馬鹿みてぇに笑うアイツを見上げながら、俺はアイツに口付けられた部分を軽く摩った。

素直になれない自分が嫌。

俺だって、田口のコトが…
なんて、俺が言ったら、アイツはどんな顔をするんだろう…。

もう怖くはないハズなのに、口には出せない。

「聖」

「…何?」

「好きって言って…?」

「ハァ?」

「嘘でも構わないから…お願い」

そんな縋るような声で言われても、さ…
言えるワケないじゃん?
例え冗談混じりの「好き」を伝えたとしても
俺自身が伝えたいのは
本気で言う「好き」なんだから…。

「嘘でも良い」なんて、言うなよ…

俺の本心を伝えられないのに
嘘でなんか、言えるワケねぇし。

たった2文字の言葉なのに、言葉に出すことが出来ない。

もどかしさと、苦しさが、渦を巻いて…どうにかなっちまいそう…。



認めたくなんかないけど…

俺は、アイツが好きなんだよ…

誰がどんなに否定したとしても
きっと、変わるコトはないから。



「田口、俺…」

終わりのない想いだったとしても

「俺、お前のコト…っ」

嘘なんて、吐けないから。

「っ…」



君が、好きです。



無意識に、涙が頬を伝ってきて
息が、苦しくなった。

声も、身体も、震えて。

「たぐっ…」

「聖…もう、良いから…」

優しく背中を摩ってくれる掌が、心地良い。

「ごめんね…変なコト言って…」

アイツは困ったように笑って、そっと抱き寄せられた。

「違っ…俺は…!」

俺は涙でぐしゃぐしゃになった顔を上げて、首を小さく横に振った。

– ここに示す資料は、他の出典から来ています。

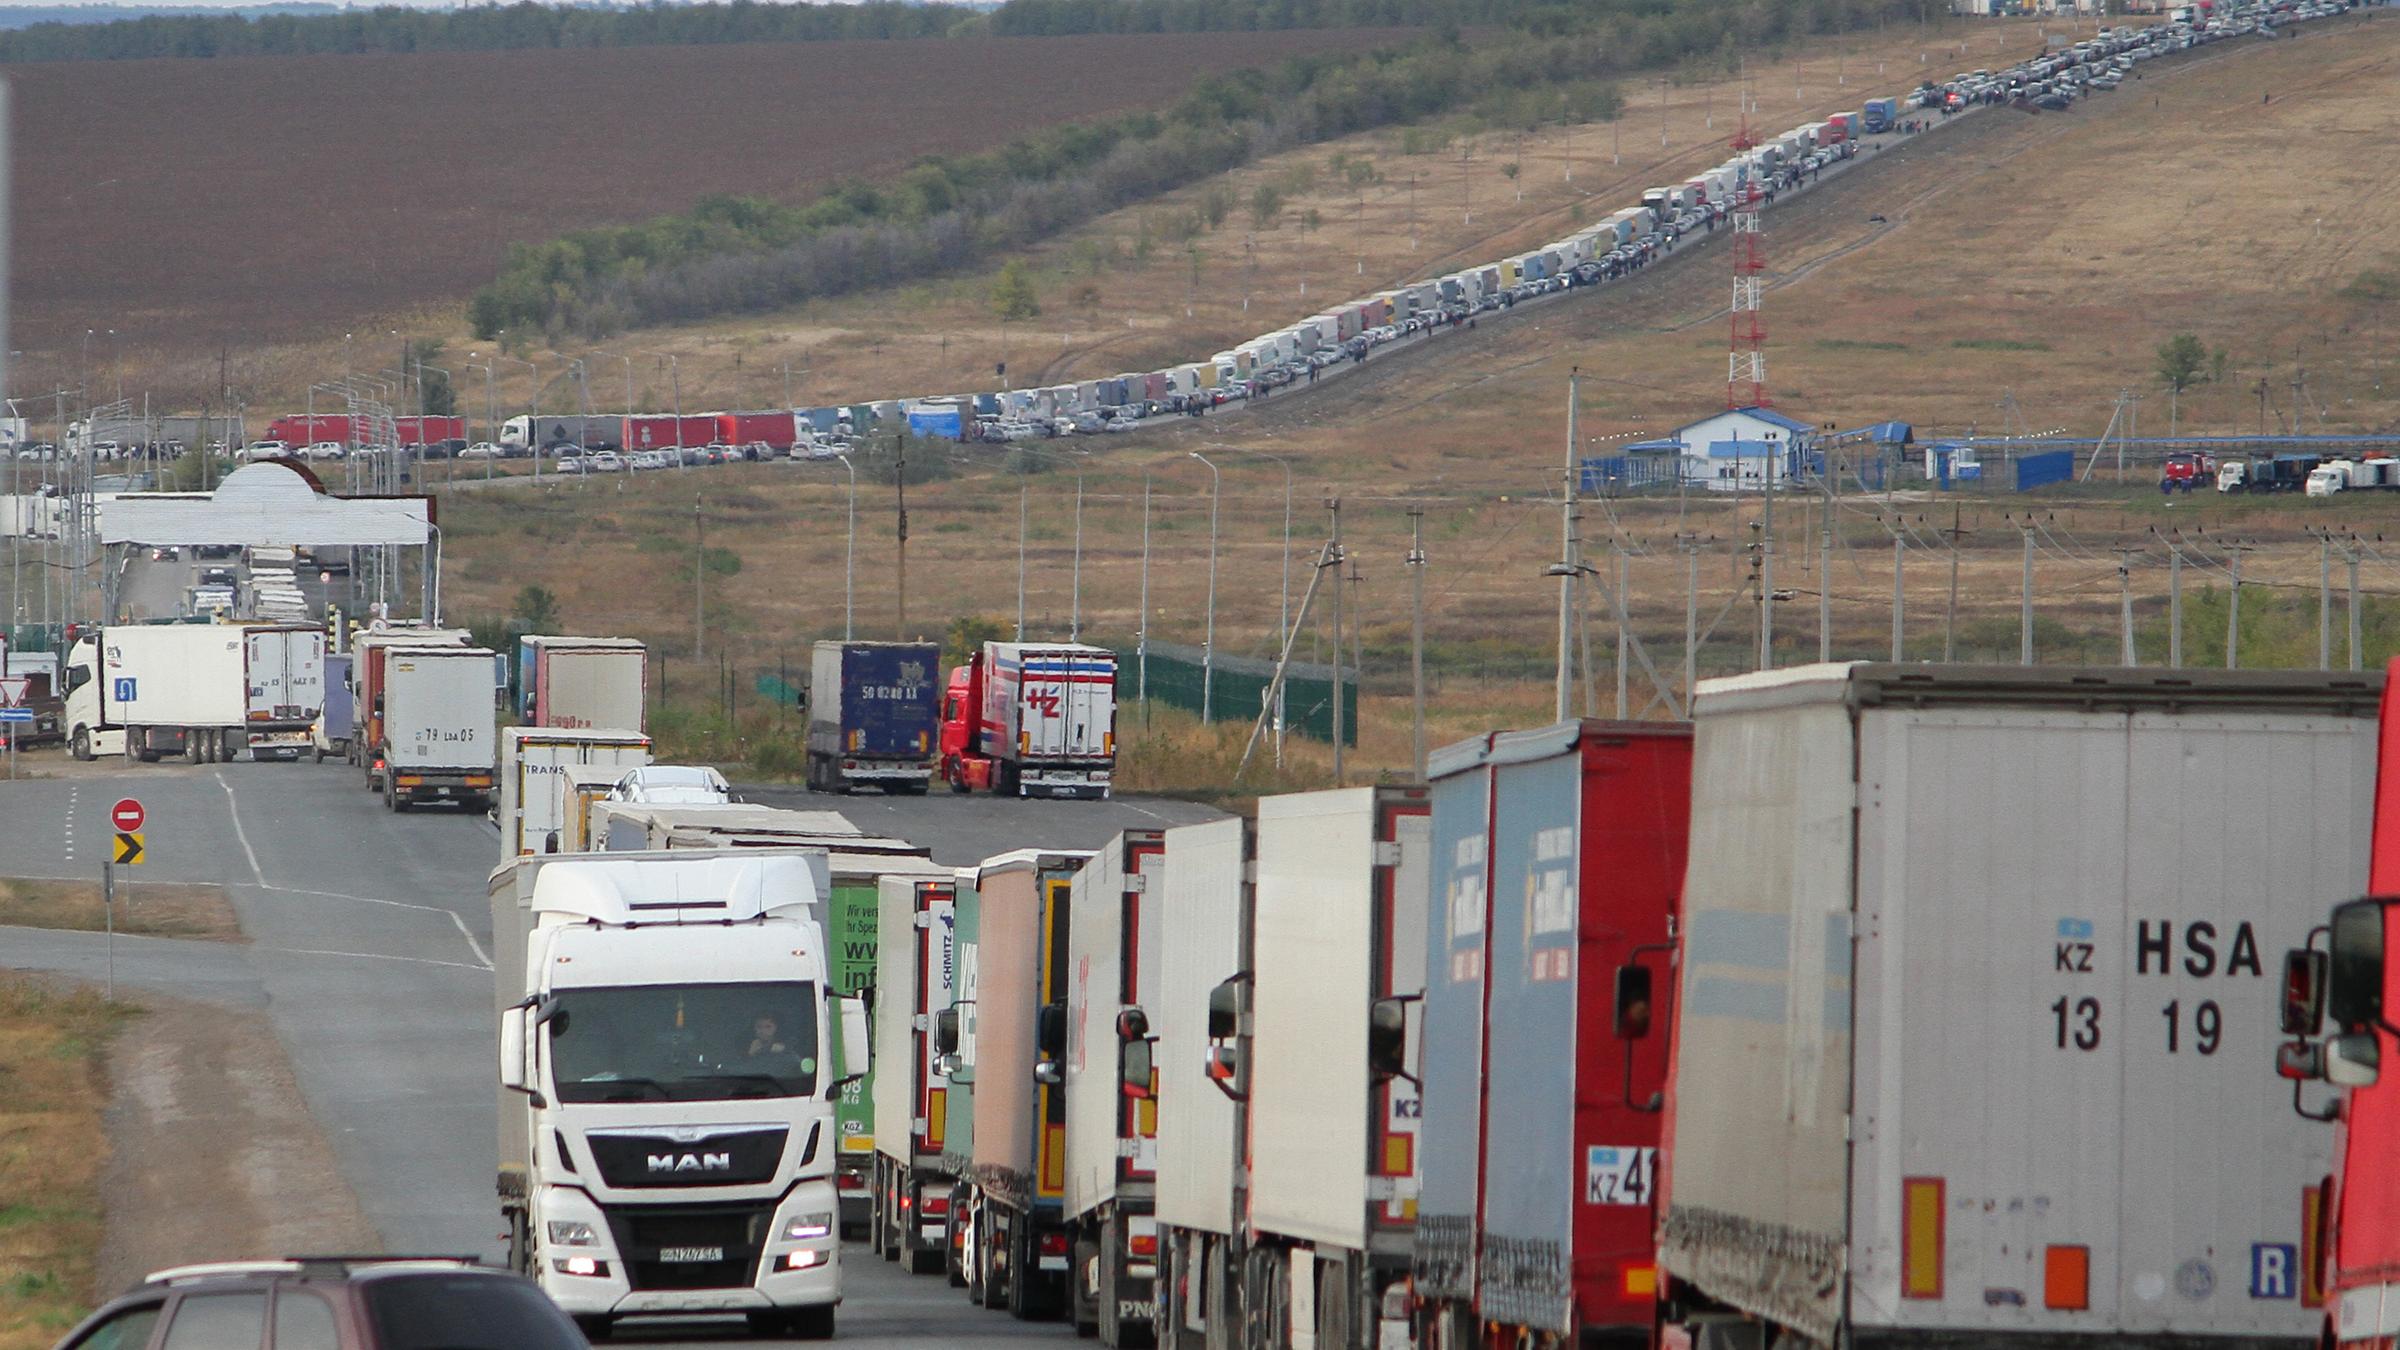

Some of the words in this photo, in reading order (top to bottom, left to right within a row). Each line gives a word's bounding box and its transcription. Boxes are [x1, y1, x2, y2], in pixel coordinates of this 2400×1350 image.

[425, 728, 438, 741] 79
[460, 728, 474, 742] 05
[526, 764, 565, 775] TRANS
[943, 934, 952, 990] SCHMITZ
[2056, 942, 2094, 972] KZ
[2137, 919, 2263, 978] HSA
[2051, 995, 2102, 1051] 13
[2163, 999, 2223, 1055] 19
[647, 1152, 730, 1172] MAN
[1590, 1173, 1618, 1202] KZ
[2260, 1247, 2286, 1295] R

「俺は…本気で…っ」

何かが邪魔して、言葉が詰まる。

このままじゃ、このままじゃ…

誤解されたままで、終わっちまう…。

なのに、どうして言葉が詰まっちまうんだよ…。

こんなにも好きで、可笑しくなっちまいそうなのに…

早く、楽にさせて…。



好きだよ…



言葉が伝わらないのなら、俺は…



「こう…き…?」

気付いたときには
俺は自らアイツに口付けていて。

「っ…ん…」

ゆっくりとアイツの首に腕を回して、縋り付く。
自分でも何やってんのか解んねぇけど…
でも、好きってコトを伝えたくて。



ゴメンな、馬鹿で…。



「…ありがとう…聖」

そう言って微笑んで
今度はアイツが、俺に口付けてくれた。

ゴメンな、そうやって俺にキスしてくれたって、煙草の苦味しか残らなくて。

「大好きだよ…」

微笑んでくれるのが、愛しくて
俺もつられて、微笑んでいた。

いつもは酷ぇコト言って、誤魔化しちまうけど…
たまには、さ…

素直になったって、良いだろ?

可愛いコト言ってやれなくて、ゴメン。

それでも、お前を好きな気持ちは、誰にも負けねぇつもりだから。

「好きだ」なんて、口には出せねぇけど
お前なら、きっと気付いてくれるよな…?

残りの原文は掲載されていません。